The entries below are to be returned as written, with all pictures dropped.

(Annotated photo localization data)
========================================================================

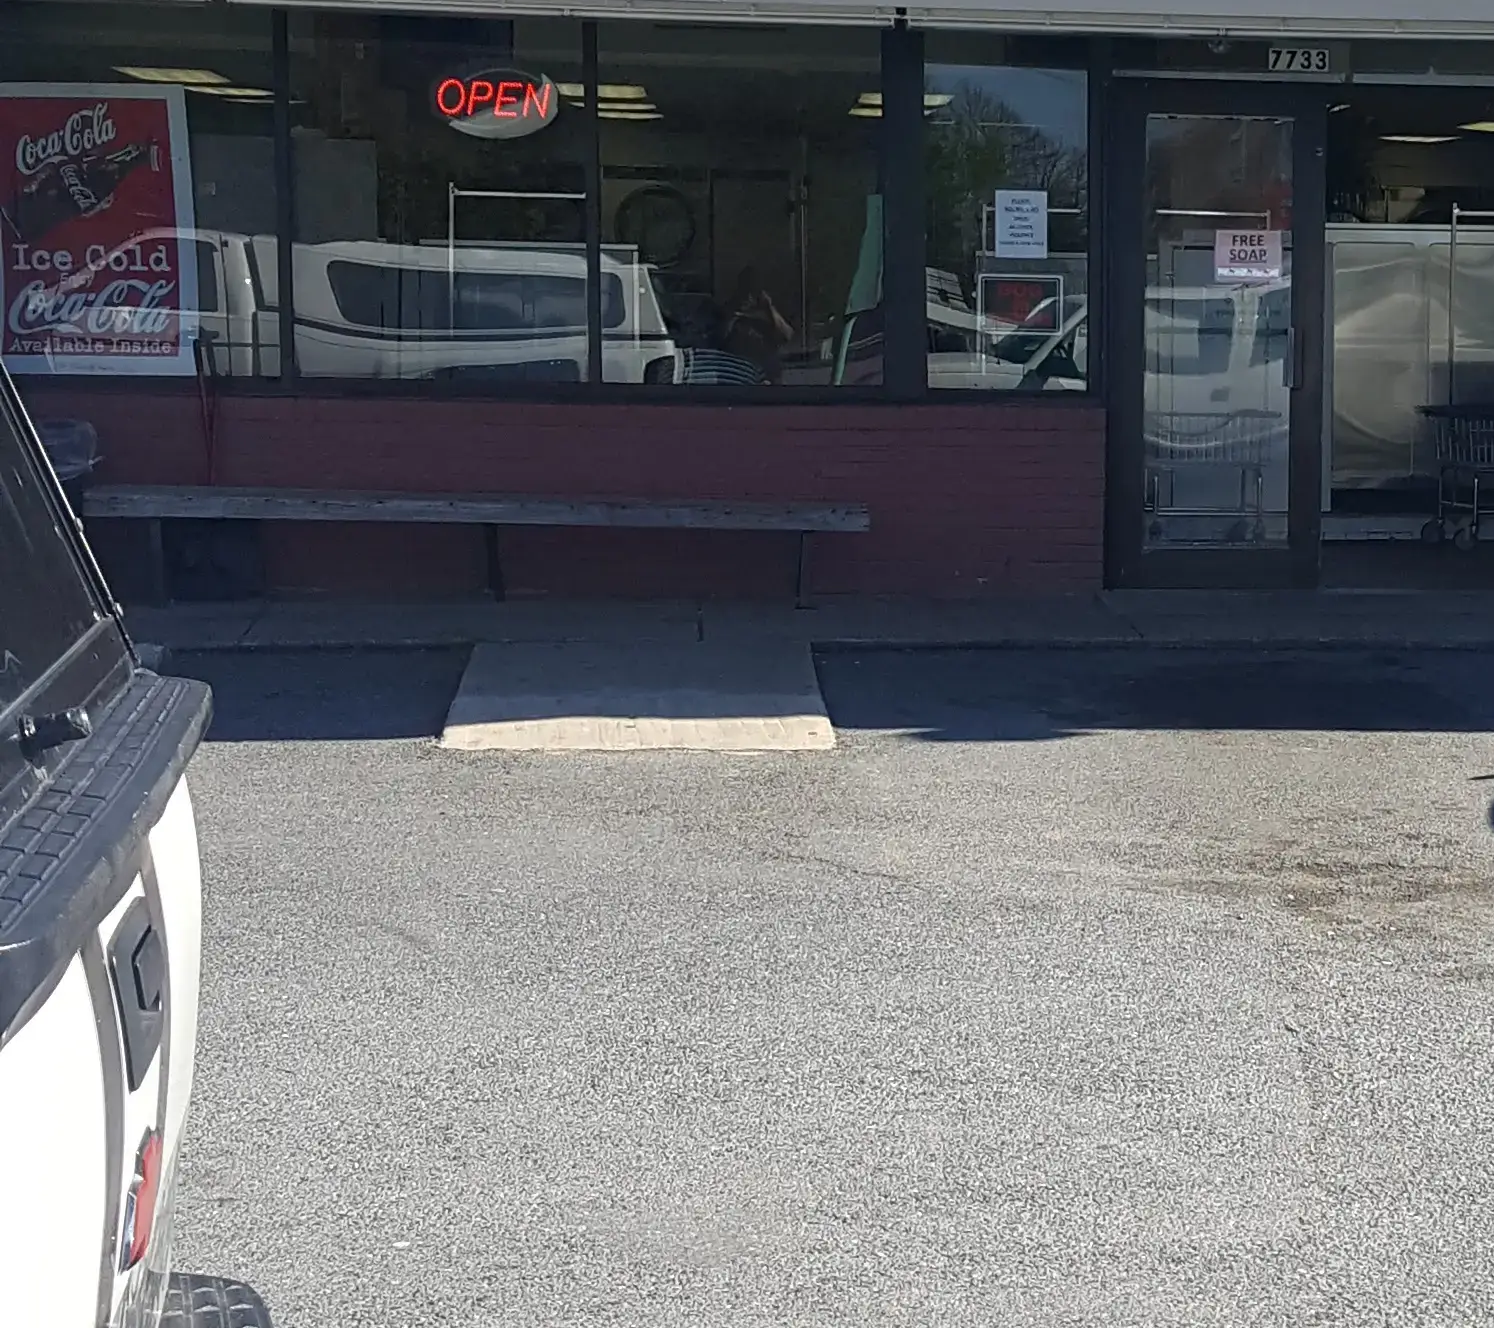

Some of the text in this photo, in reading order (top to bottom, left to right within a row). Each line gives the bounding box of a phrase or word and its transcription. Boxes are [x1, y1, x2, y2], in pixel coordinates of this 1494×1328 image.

[1271, 49, 1327, 70] 7733
[436, 77, 551, 119] OPEN
[1231, 234, 1265, 247] FREE
[12, 243, 172, 272] Ice Cold
[1228, 248, 1268, 262] SOAP
[9, 337, 172, 354] Available Inside
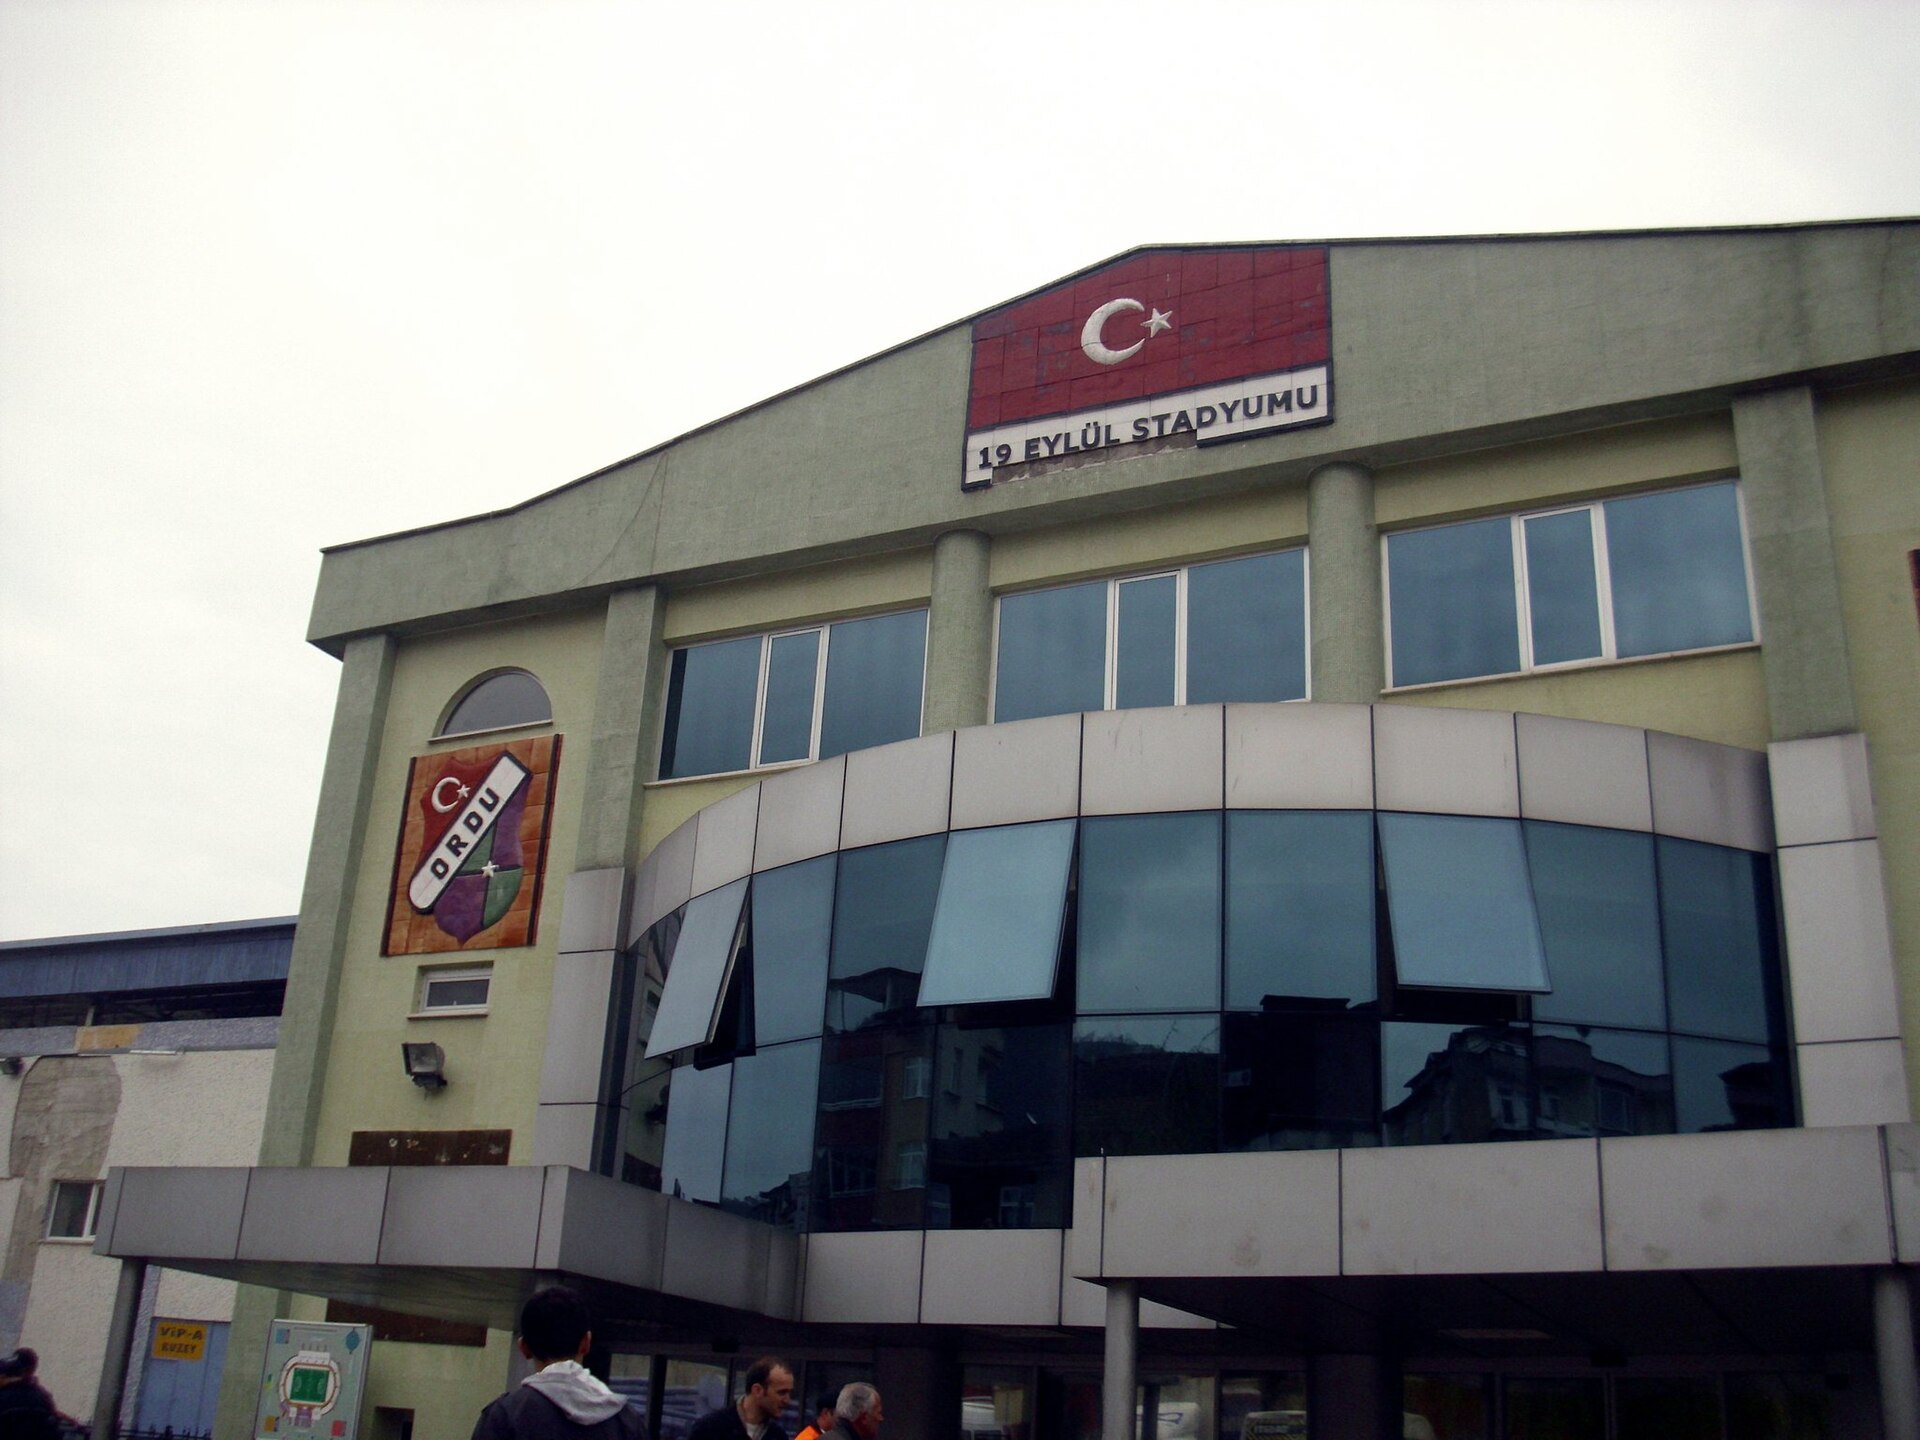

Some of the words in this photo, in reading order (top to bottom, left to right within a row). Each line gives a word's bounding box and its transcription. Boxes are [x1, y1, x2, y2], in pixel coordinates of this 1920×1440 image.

[979, 444, 1012, 469] 19
[1024, 421, 1120, 461] EYLÜL
[1131, 385, 1317, 441] STADYUMU
[431, 787, 500, 880] ORDU

========================================================================

EXERCISE ANSWER
Some of the text in this photo, in reading order (top to bottom, left to right within a row). Each line gives the bounding box of a phrase or word and its transcription. Boxes are [x1, y1, x2, y2], in pixel coordinates of this 1494×1328 image.

[1271, 49, 1327, 70] 7733
[436, 77, 551, 119] OPEN
[1231, 234, 1265, 247] FREE
[12, 243, 172, 272] Ice Cold
[1228, 248, 1268, 262] SOAP
[9, 337, 172, 354] Available Inside

Some of the words in this photo, in reading order (top to bottom, left to right within a row). Each line gives a word's bounding box and its transcription. Boxes are [x1, y1, x2, y2], in pixel coordinates of this 1920×1440 image.

[979, 444, 1012, 469] 19
[1024, 421, 1120, 461] EYLÜL
[1131, 385, 1317, 441] STADYUMU
[431, 787, 500, 880] ORDU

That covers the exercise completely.